This exercise calls for all the entries that follow to be set down exactly, without their images.

Text-to-region grounding data:
##########

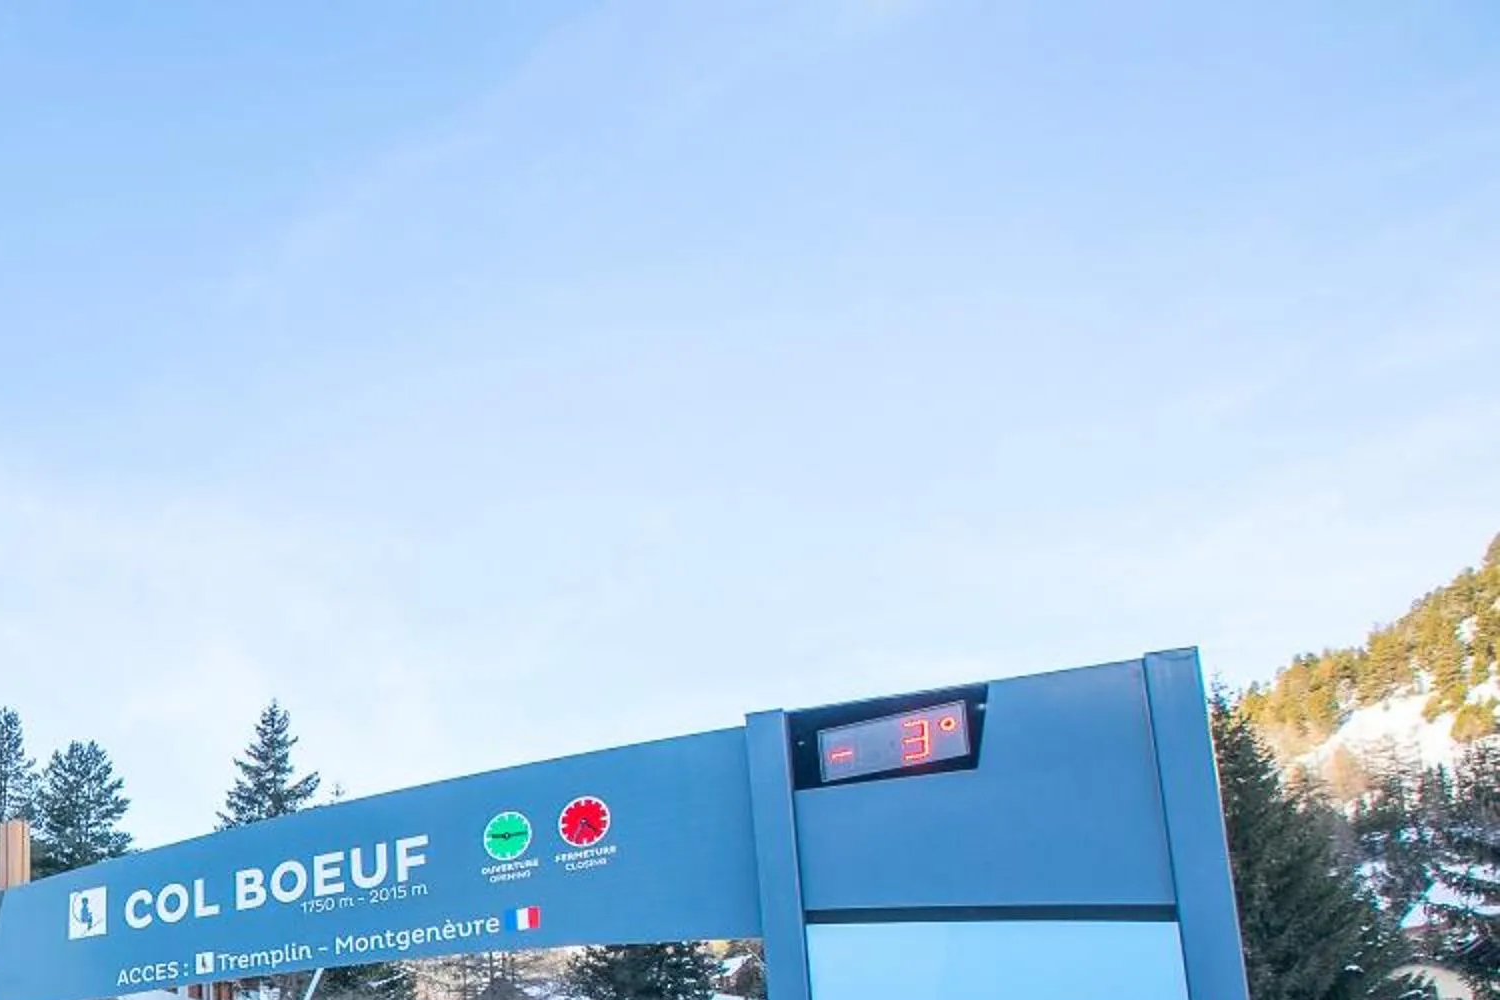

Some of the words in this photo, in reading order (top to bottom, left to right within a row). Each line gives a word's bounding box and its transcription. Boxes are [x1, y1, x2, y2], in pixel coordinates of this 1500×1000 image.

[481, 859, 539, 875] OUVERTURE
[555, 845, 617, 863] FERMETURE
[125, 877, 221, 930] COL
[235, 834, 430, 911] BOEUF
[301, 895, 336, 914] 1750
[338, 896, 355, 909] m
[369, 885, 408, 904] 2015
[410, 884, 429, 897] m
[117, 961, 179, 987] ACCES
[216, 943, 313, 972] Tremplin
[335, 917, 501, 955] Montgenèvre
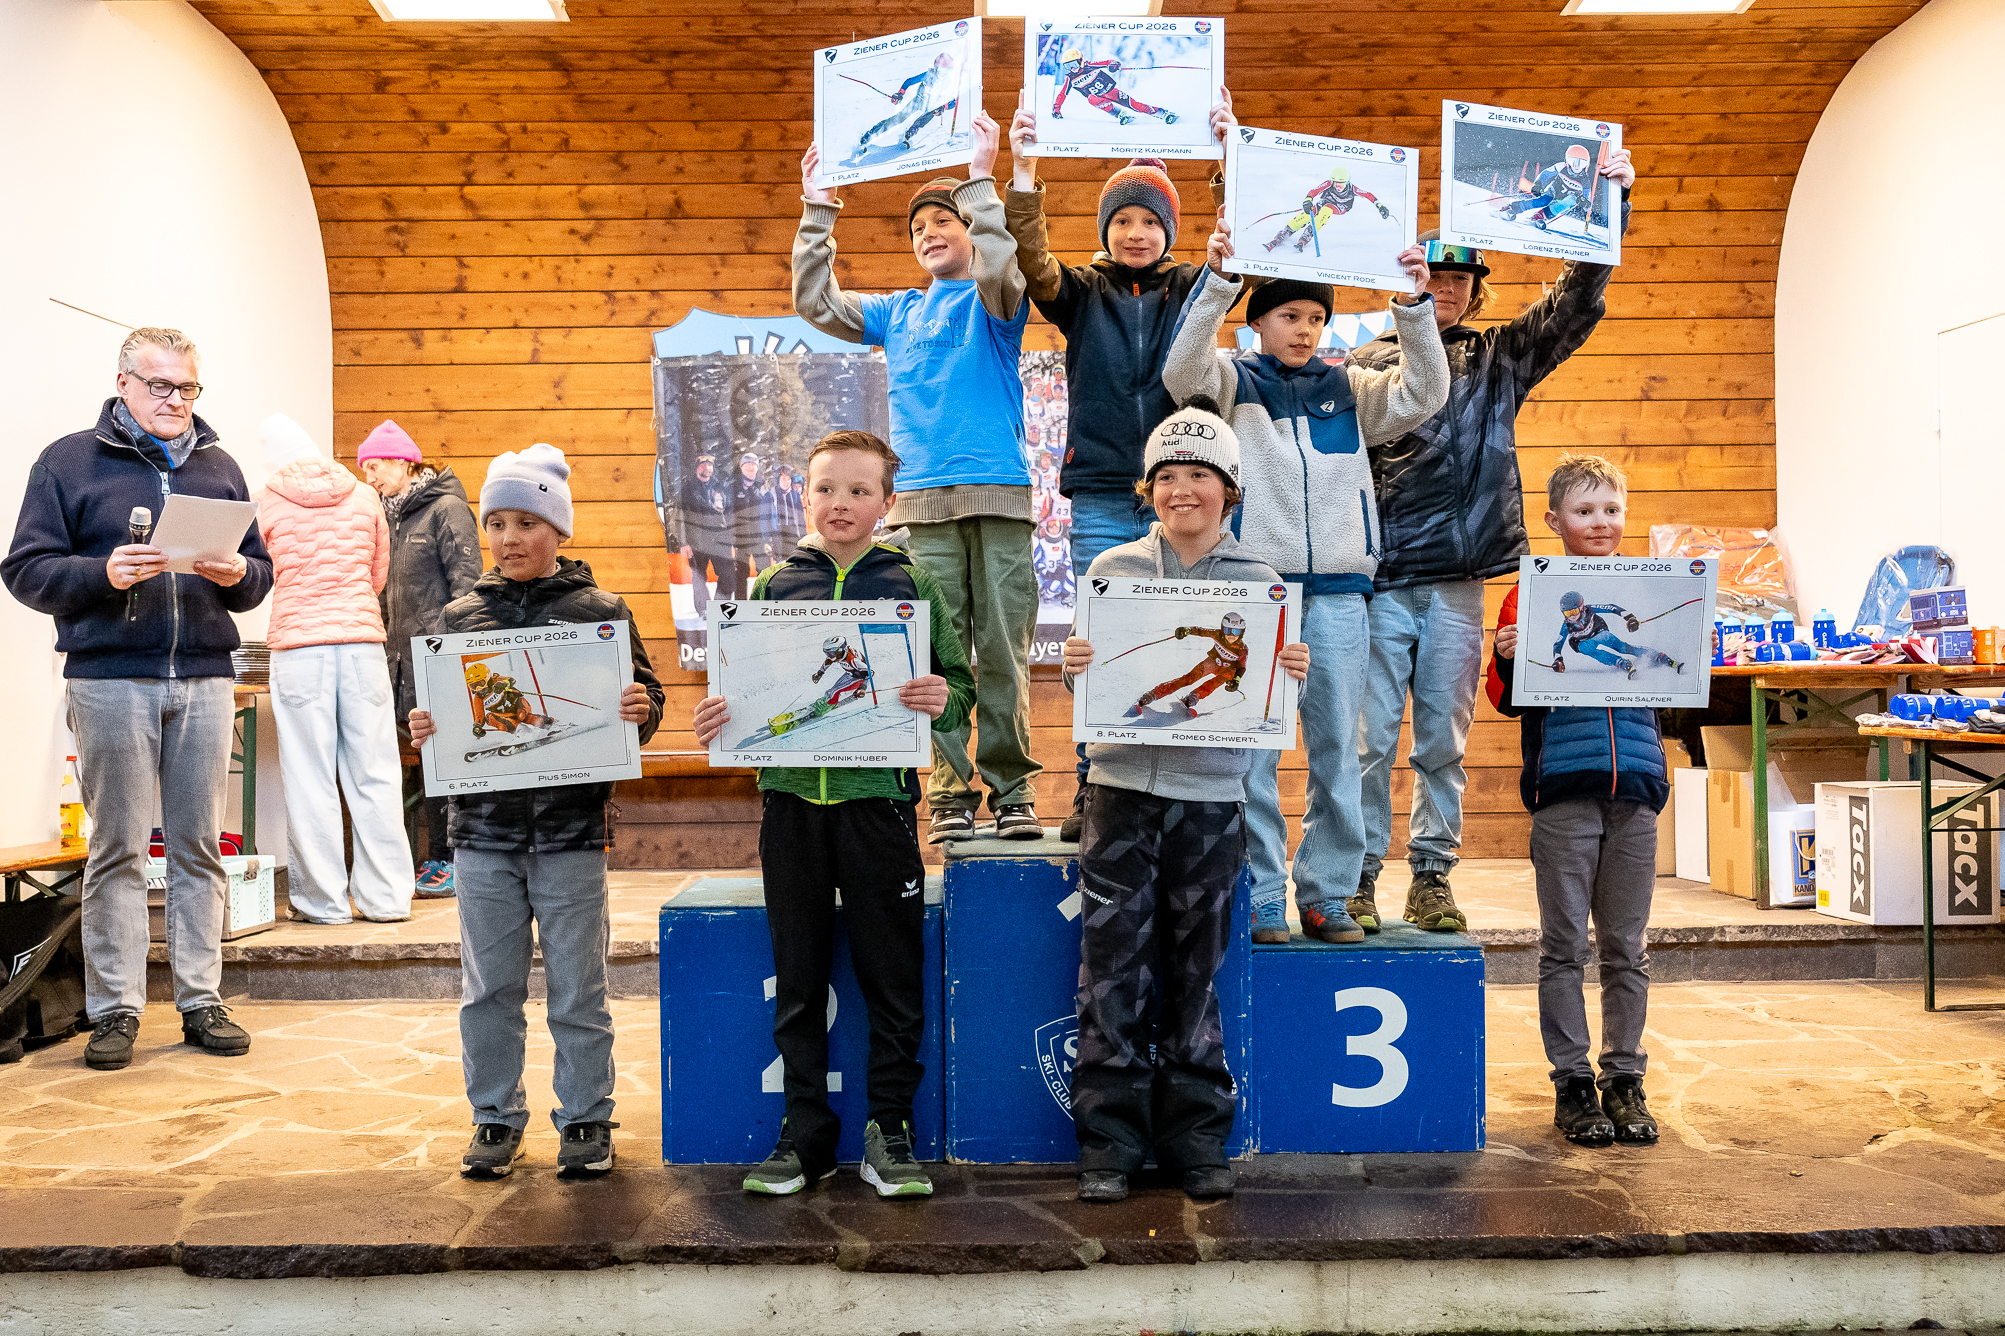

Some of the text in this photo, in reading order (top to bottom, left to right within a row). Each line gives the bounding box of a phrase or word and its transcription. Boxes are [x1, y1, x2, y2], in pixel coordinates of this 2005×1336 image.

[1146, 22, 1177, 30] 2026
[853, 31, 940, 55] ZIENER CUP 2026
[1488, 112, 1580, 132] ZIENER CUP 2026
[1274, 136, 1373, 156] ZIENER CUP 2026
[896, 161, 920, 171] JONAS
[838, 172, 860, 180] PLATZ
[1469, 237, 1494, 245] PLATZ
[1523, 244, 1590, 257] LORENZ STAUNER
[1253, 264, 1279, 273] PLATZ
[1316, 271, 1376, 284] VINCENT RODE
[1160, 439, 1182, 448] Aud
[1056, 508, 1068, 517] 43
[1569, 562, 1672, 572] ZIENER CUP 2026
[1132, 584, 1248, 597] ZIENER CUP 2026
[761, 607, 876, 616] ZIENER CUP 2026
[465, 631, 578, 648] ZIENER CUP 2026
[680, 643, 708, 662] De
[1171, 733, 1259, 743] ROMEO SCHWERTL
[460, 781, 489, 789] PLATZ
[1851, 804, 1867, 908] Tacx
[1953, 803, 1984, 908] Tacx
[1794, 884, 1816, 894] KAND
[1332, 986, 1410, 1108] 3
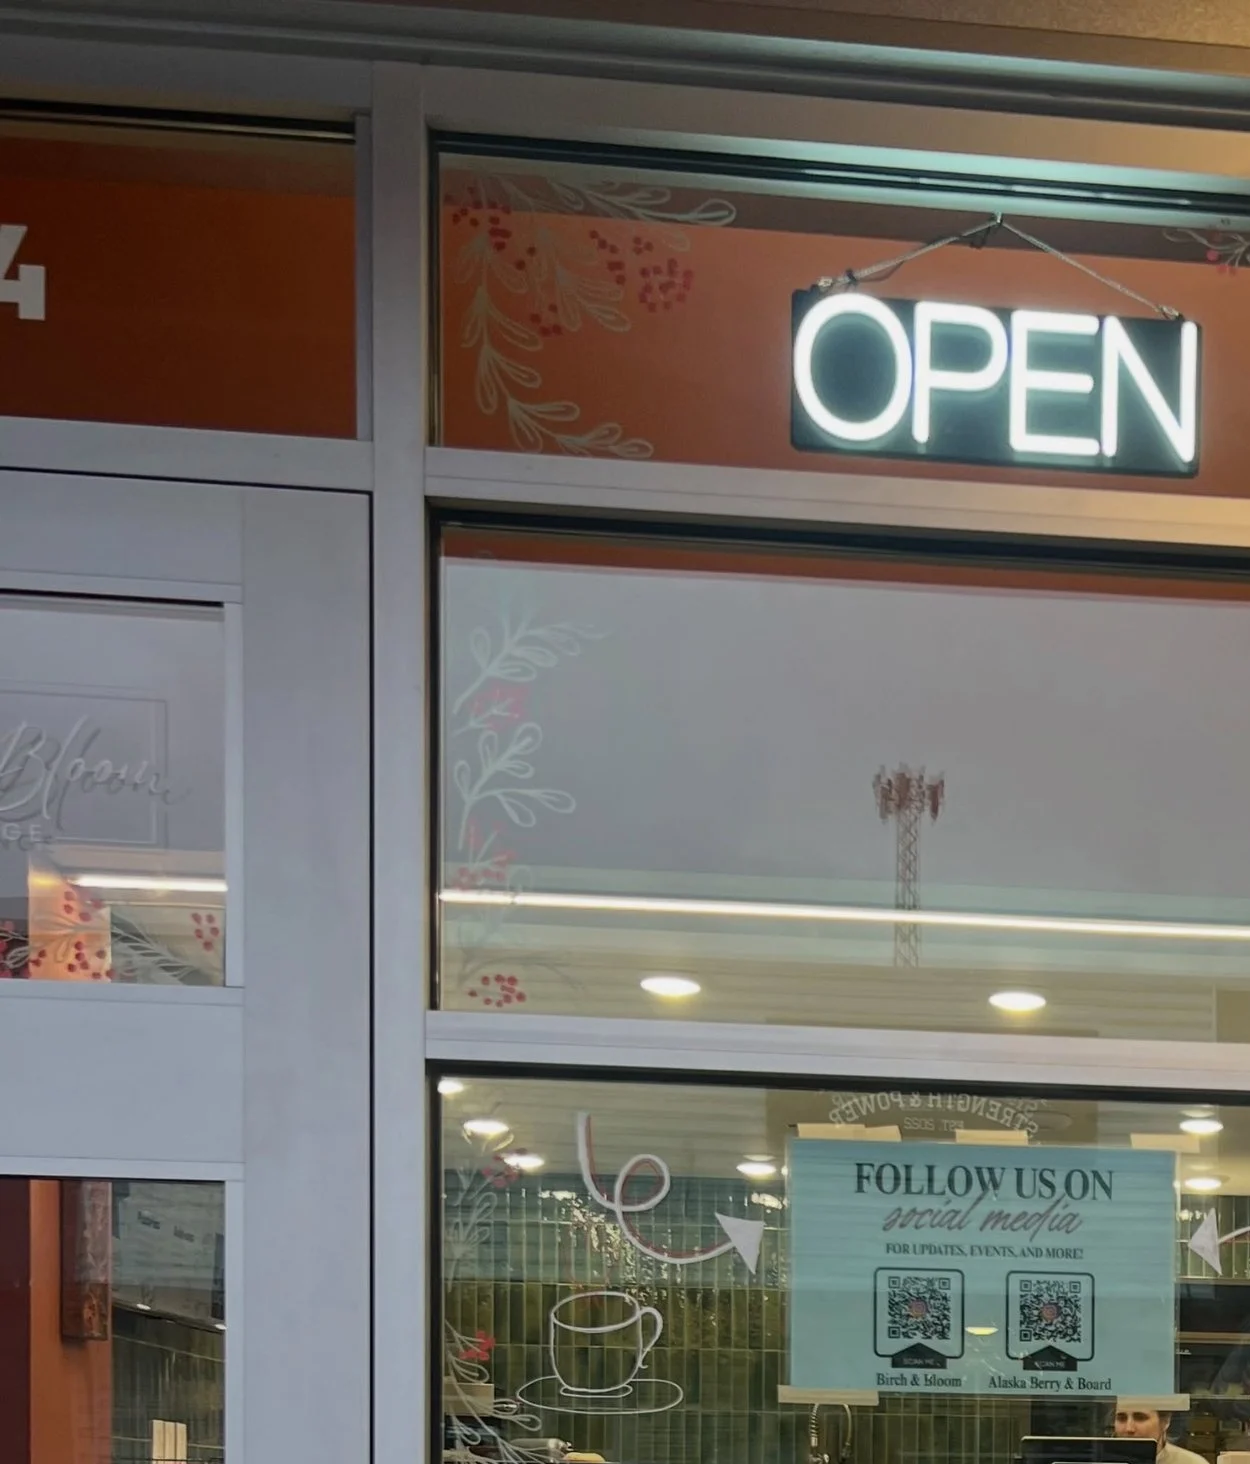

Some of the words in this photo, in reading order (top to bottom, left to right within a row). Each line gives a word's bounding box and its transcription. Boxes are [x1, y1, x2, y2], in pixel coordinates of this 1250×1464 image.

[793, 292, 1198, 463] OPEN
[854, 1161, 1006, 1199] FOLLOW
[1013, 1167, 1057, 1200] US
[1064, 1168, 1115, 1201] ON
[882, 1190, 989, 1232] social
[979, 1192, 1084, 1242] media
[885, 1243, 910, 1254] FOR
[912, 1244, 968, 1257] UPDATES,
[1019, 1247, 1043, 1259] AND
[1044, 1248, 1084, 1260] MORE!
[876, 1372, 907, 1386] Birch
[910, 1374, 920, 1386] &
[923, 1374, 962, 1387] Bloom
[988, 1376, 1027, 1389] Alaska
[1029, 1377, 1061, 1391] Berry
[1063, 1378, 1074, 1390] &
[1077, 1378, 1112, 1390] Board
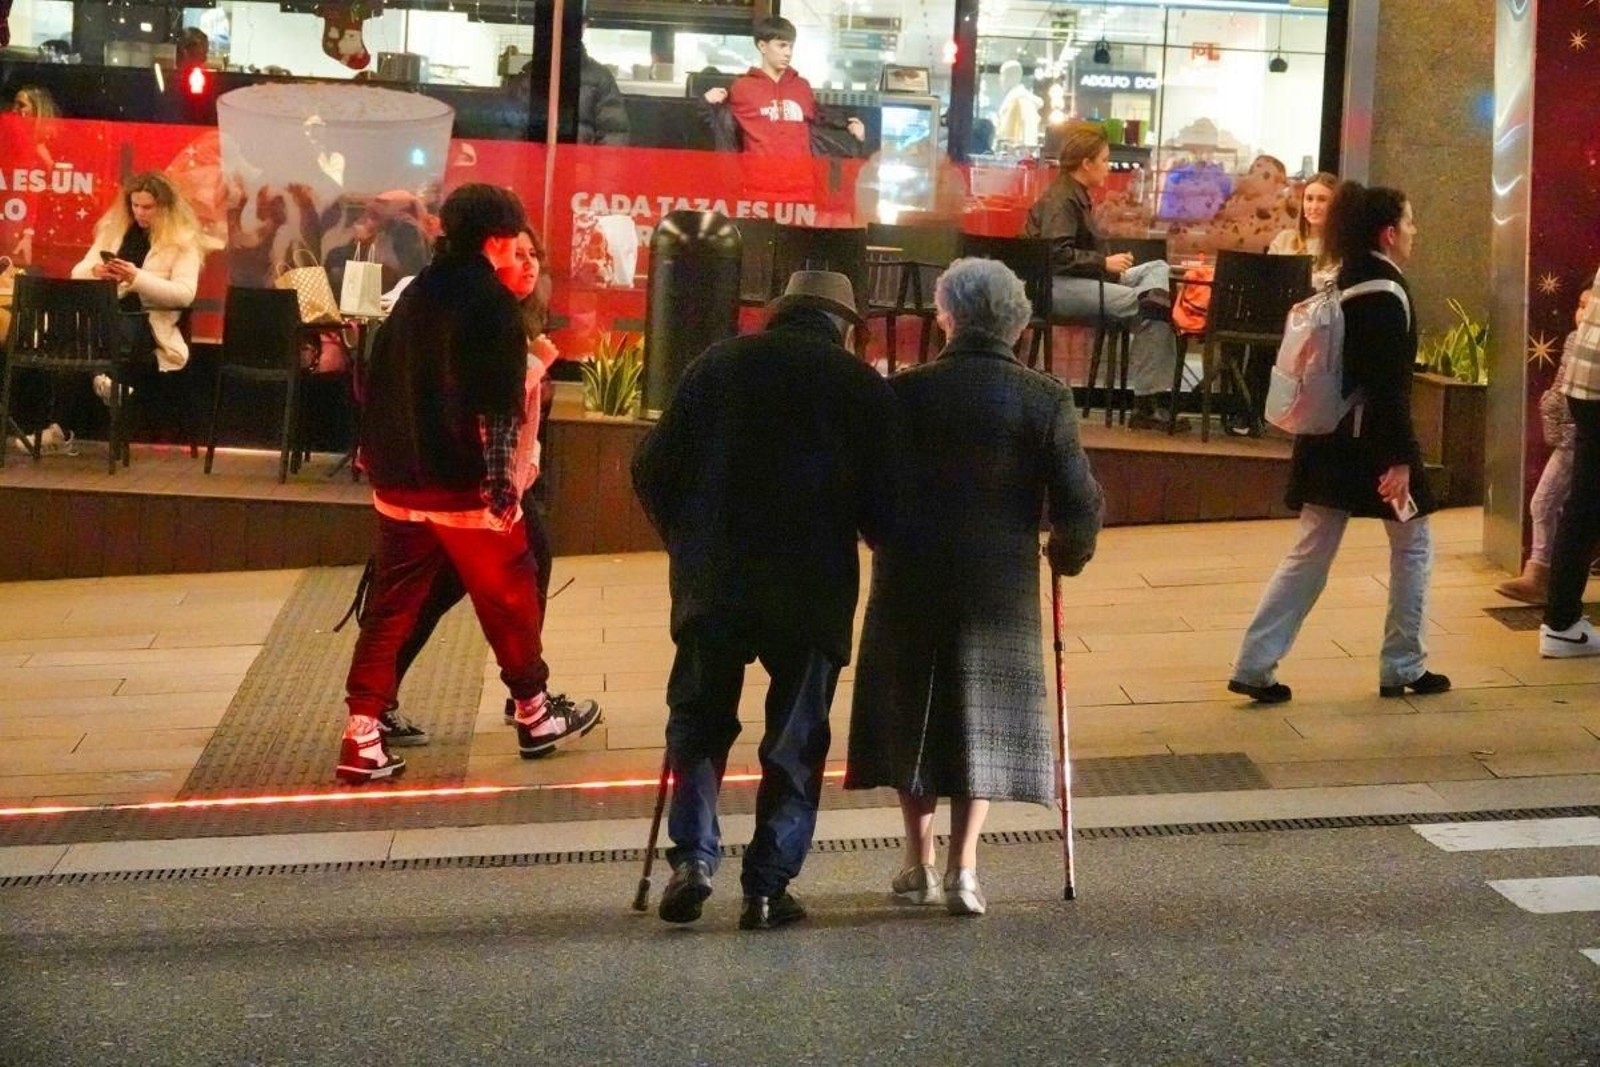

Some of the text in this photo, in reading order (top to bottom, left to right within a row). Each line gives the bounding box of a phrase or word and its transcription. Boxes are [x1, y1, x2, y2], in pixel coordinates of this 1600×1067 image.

##########

Answer section:
Some of the words in this photo, in reading order (top to bottom, left to right within a row). Each line gives a word's bounding box and its transcription. Boxes are [x1, y1, x2, y2], in pixel coordinates of this 1500×1000 image.

[481, 859, 539, 875] OUVERTURE
[555, 845, 617, 863] FERMETURE
[125, 877, 221, 930] COL
[235, 834, 430, 911] BOEUF
[301, 895, 336, 914] 1750
[338, 896, 355, 909] m
[369, 885, 408, 904] 2015
[410, 884, 429, 897] m
[117, 961, 179, 987] ACCES
[216, 943, 313, 972] Tremplin
[335, 917, 501, 955] Montgenèvre

Some of the text in this photo, in reading order (top to bottom, left to right within a row). Each line gives the bounding box of a phrase or word and its transcription. Boxes are [x1, y1, x2, y2], in pixel coordinates of this 2005×1336 image.

[1146, 22, 1177, 30] 2026
[853, 31, 940, 55] ZIENER CUP 2026
[1488, 112, 1580, 132] ZIENER CUP 2026
[1274, 136, 1373, 156] ZIENER CUP 2026
[896, 161, 920, 171] JONAS
[838, 172, 860, 180] PLATZ
[1469, 237, 1494, 245] PLATZ
[1523, 244, 1590, 257] LORENZ STAUNER
[1253, 264, 1279, 273] PLATZ
[1316, 271, 1376, 284] VINCENT RODE
[1160, 439, 1182, 448] Aud
[1056, 508, 1068, 517] 43
[1569, 562, 1672, 572] ZIENER CUP 2026
[1132, 584, 1248, 597] ZIENER CUP 2026
[761, 607, 876, 616] ZIENER CUP 2026
[465, 631, 578, 648] ZIENER CUP 2026
[680, 643, 708, 662] De
[1171, 733, 1259, 743] ROMEO SCHWERTL
[460, 781, 489, 789] PLATZ
[1851, 804, 1867, 908] Tacx
[1953, 803, 1984, 908] Tacx
[1794, 884, 1816, 894] KAND
[1332, 986, 1410, 1108] 3

Some of the words in this photo, in reading order (top to bottom, left to right within a row). Each line gives a word's bounding box and its transcription. Boxes are [x1, y1, x2, y2], in pixel coordinates of this 1250×1464 image.

[793, 292, 1198, 463] OPEN
[854, 1161, 1006, 1199] FOLLOW
[1013, 1167, 1057, 1200] US
[1064, 1168, 1115, 1201] ON
[882, 1190, 989, 1232] social
[979, 1192, 1084, 1242] media
[885, 1243, 910, 1254] FOR
[912, 1244, 968, 1257] UPDATES,
[1019, 1247, 1043, 1259] AND
[1044, 1248, 1084, 1260] MORE!
[876, 1372, 907, 1386] Birch
[910, 1374, 920, 1386] &
[923, 1374, 962, 1387] Bloom
[988, 1376, 1027, 1389] Alaska
[1029, 1377, 1061, 1391] Berry
[1063, 1378, 1074, 1390] &
[1077, 1378, 1112, 1390] Board

Some of the text in this photo, in reading order (top to bottom, left to right within a row). Each line gives the bounding box of a phrase or word and its transcription. Boxes are [x1, y1, x2, y2], in pixel coordinates of this 1600×1067 image.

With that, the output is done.